> [What the task asks] Any image found in the entries is to be skipped; the rest is returned word for word.

> [Listed records]
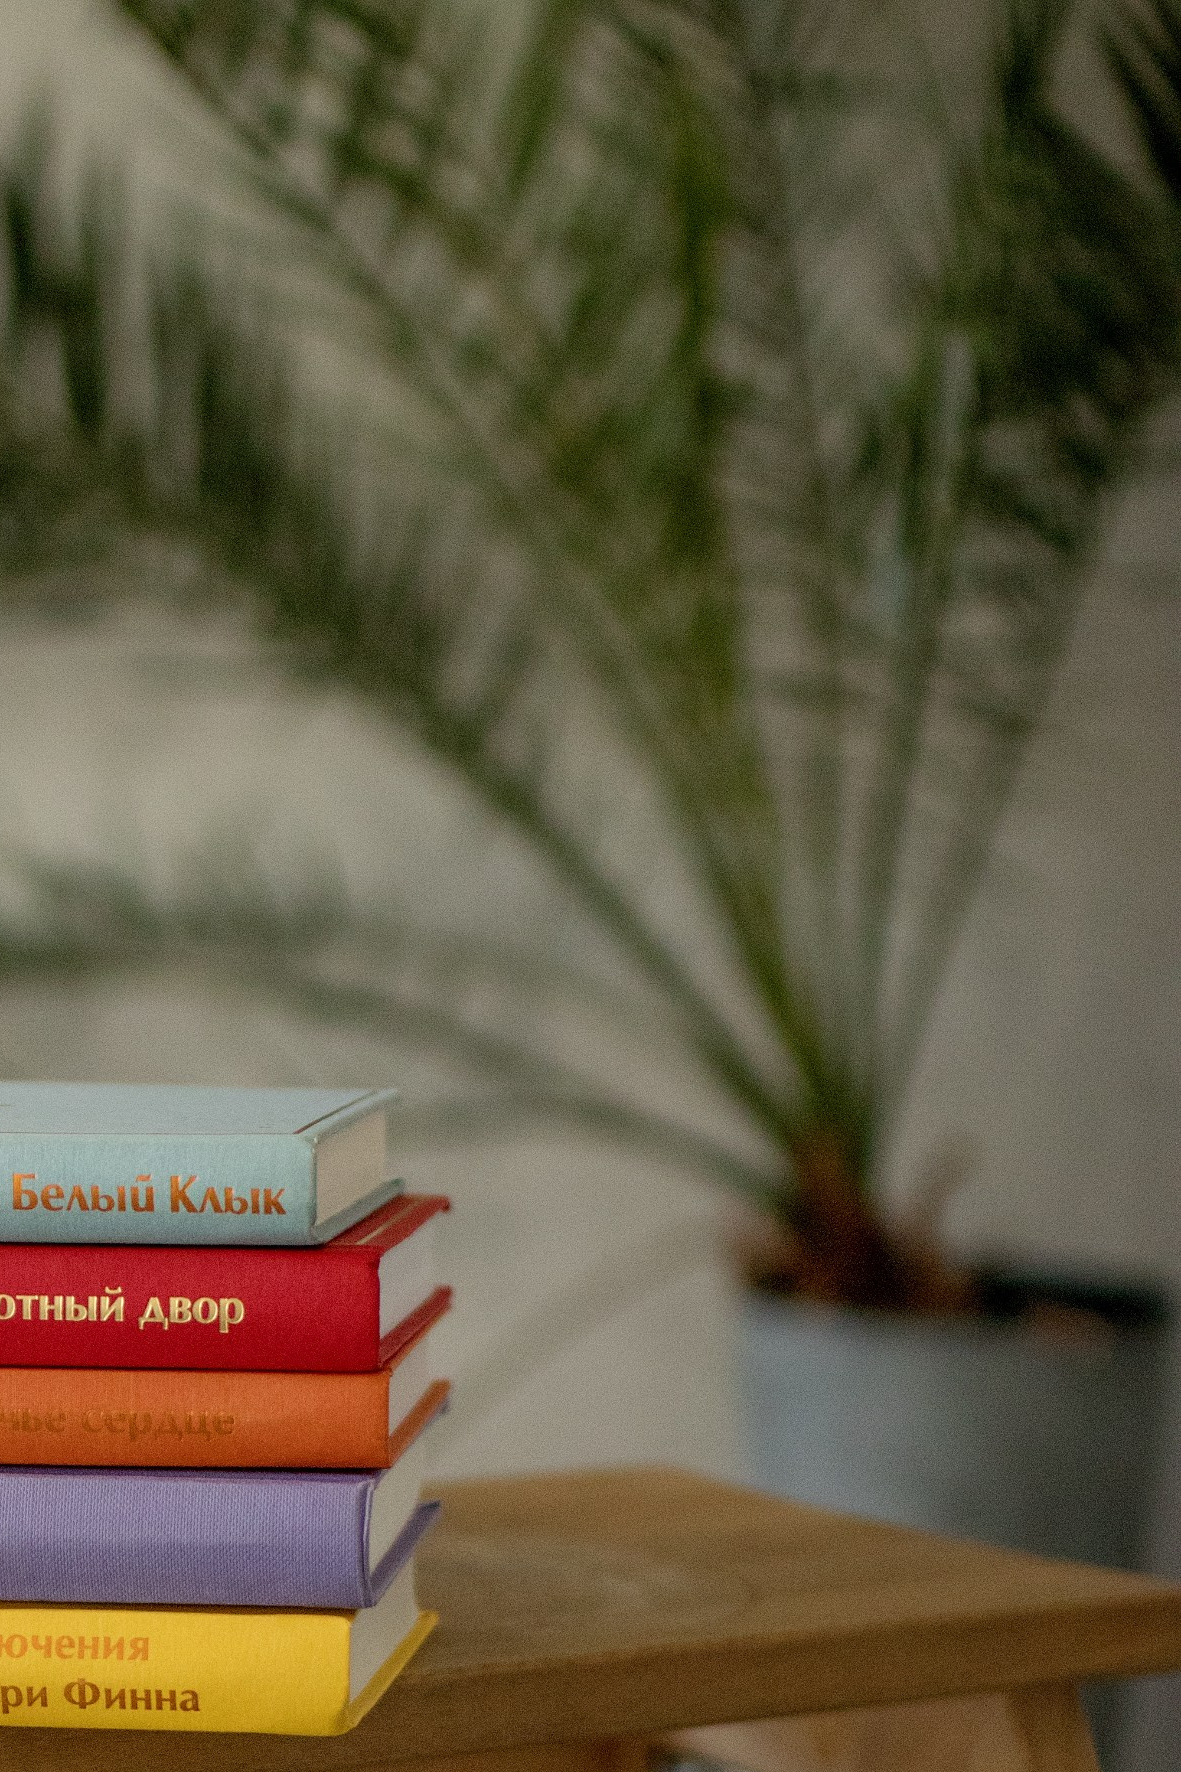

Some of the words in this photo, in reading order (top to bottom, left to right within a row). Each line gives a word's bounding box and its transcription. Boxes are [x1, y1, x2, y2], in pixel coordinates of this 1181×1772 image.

[11, 1173, 154, 1213] Белый
[170, 1175, 286, 1215] Клык
[138, 1293, 245, 1332] двор
[82, 1406, 235, 1442] сердце
[63, 1677, 201, 1712] Финна
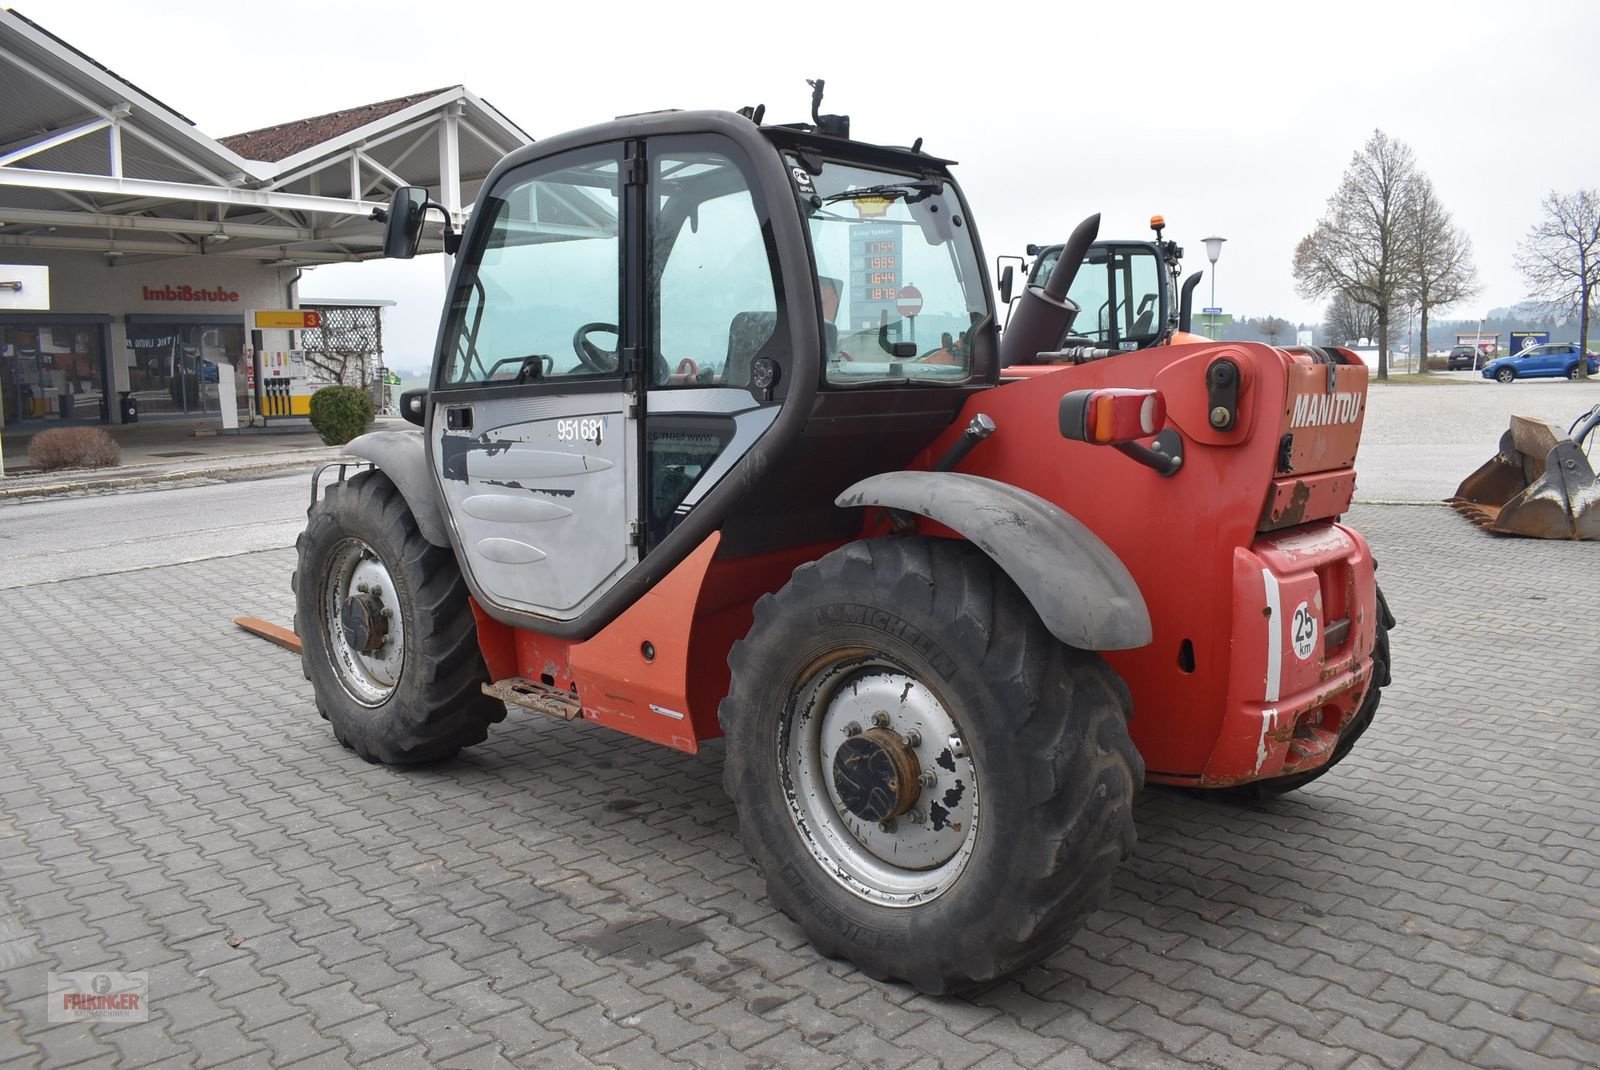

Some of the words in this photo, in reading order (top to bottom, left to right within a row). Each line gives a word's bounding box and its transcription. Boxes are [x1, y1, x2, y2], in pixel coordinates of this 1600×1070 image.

[143, 284, 240, 302] Imbißstube
[307, 314, 316, 326] 3
[1290, 392, 1362, 428] MANITOU
[557, 419, 603, 440] 951681
[1295, 608, 1313, 642] 25
[1300, 643, 1311, 656] km
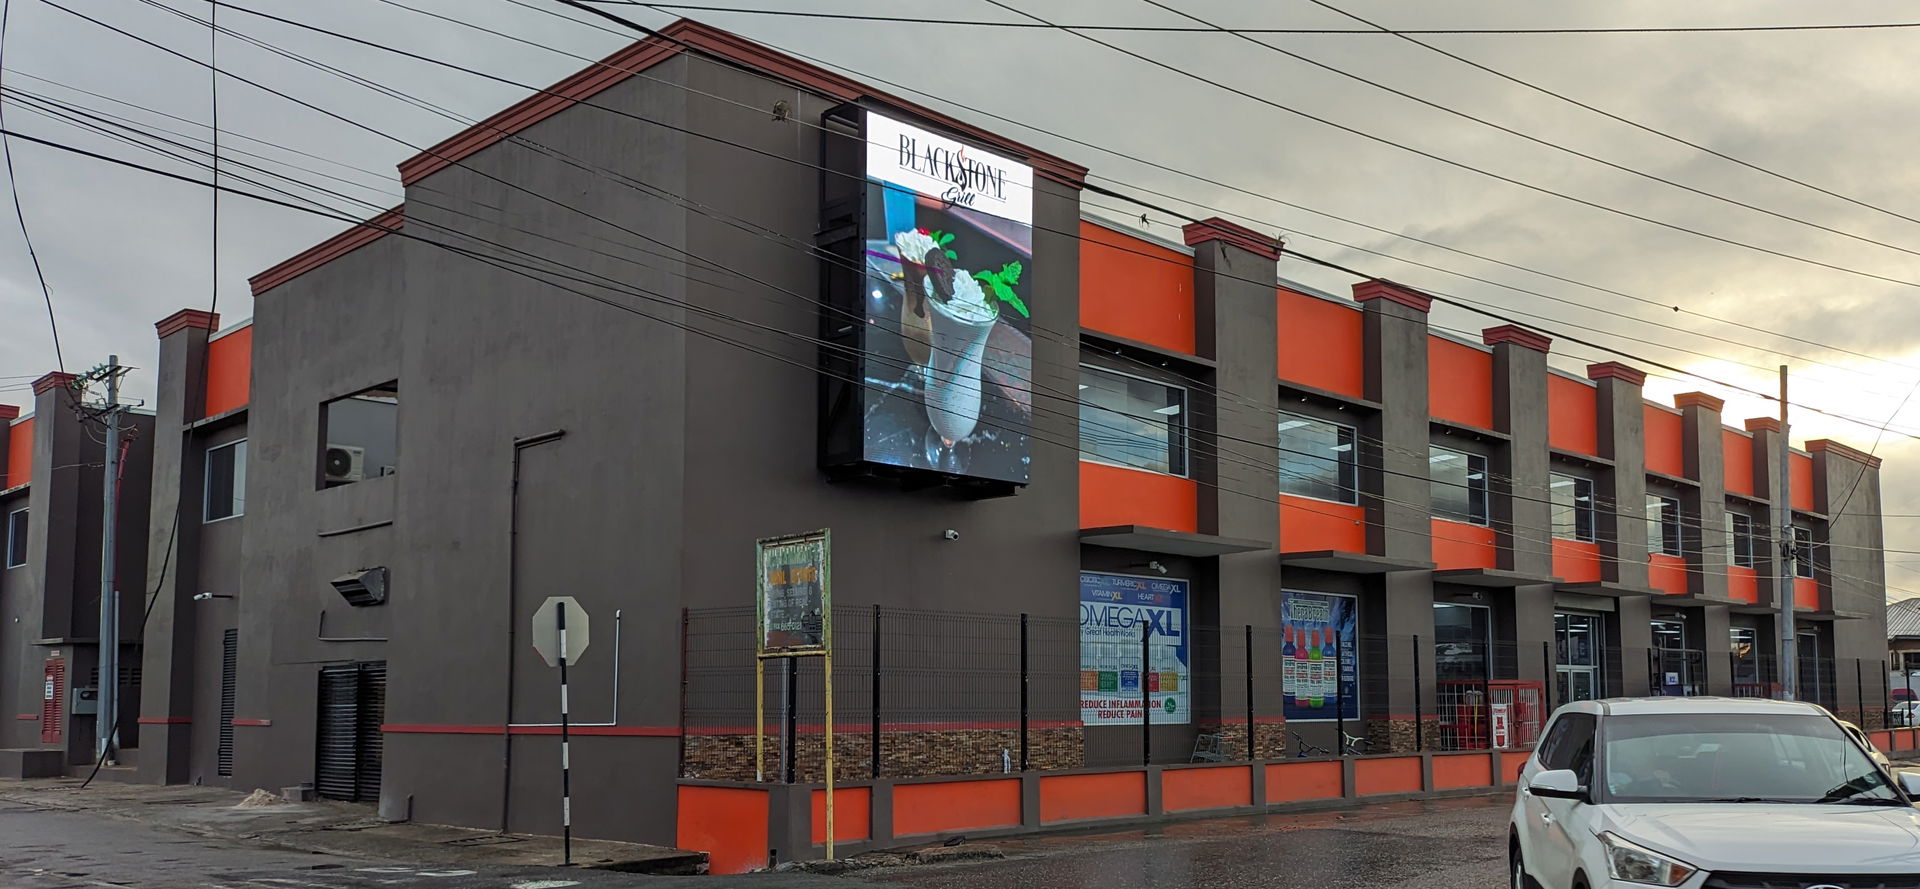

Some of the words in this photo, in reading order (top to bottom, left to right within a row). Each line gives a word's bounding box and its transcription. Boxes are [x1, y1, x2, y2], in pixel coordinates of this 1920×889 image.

[899, 133, 1007, 200] BLACKSTONE
[941, 186, 977, 209] Grill
[1080, 699, 1107, 709] REDUCE
[1109, 699, 1162, 709] INFLAMMION
[1097, 710, 1125, 719] REDUCE
[1126, 709, 1143, 719] PAIN
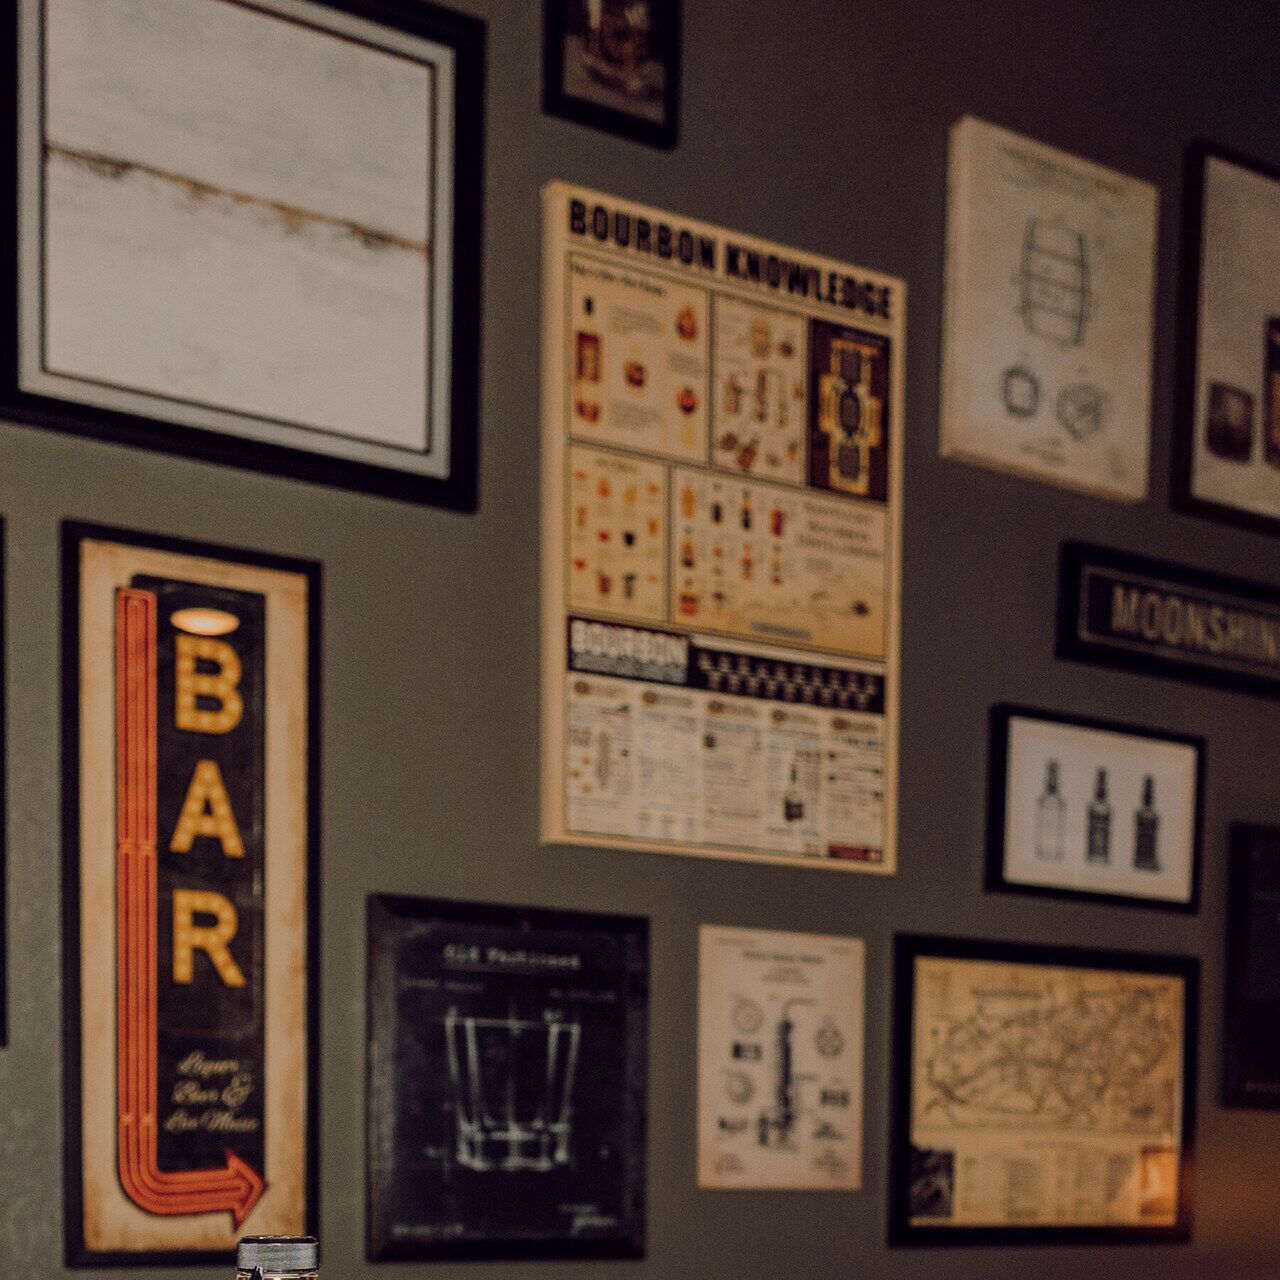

> [Worked solution]
Some of the words in this photo, in reading order (top to bottom, left to right within a row). Each line gives a word's bounding box and its transcription. Boxes are [x1, y1, x2, y2], in pixel coordinates of this 1181×1772 image.

[11, 1173, 154, 1213] Белый
[170, 1175, 286, 1215] Клык
[138, 1293, 245, 1332] двор
[82, 1406, 235, 1442] сердце
[63, 1677, 201, 1712] Финна

Some of the words in this photo, in reading order (top to bottom, left to right within a row). Each line gives a word's bounding box and its transcription. Boxes are [x1, y1, x2, y2], in pixel coordinates of this 1600×1070 image.

[143, 284, 240, 302] Imbißstube
[307, 314, 316, 326] 3
[1290, 392, 1362, 428] MANITOU
[557, 419, 603, 440] 951681
[1295, 608, 1313, 642] 25
[1300, 643, 1311, 656] km

Some of the words in this photo, in reading order (top to bottom, left to right within a row). Each line gives a word's bounding box and its transcription. Boxes are [x1, y1, x2, y2], in pixel coordinates of this 1920×889 image.

[899, 133, 1007, 200] BLACKSTONE
[941, 186, 977, 209] Grill
[1080, 699, 1107, 709] REDUCE
[1109, 699, 1162, 709] INFLAMMION
[1097, 710, 1125, 719] REDUCE
[1126, 709, 1143, 719] PAIN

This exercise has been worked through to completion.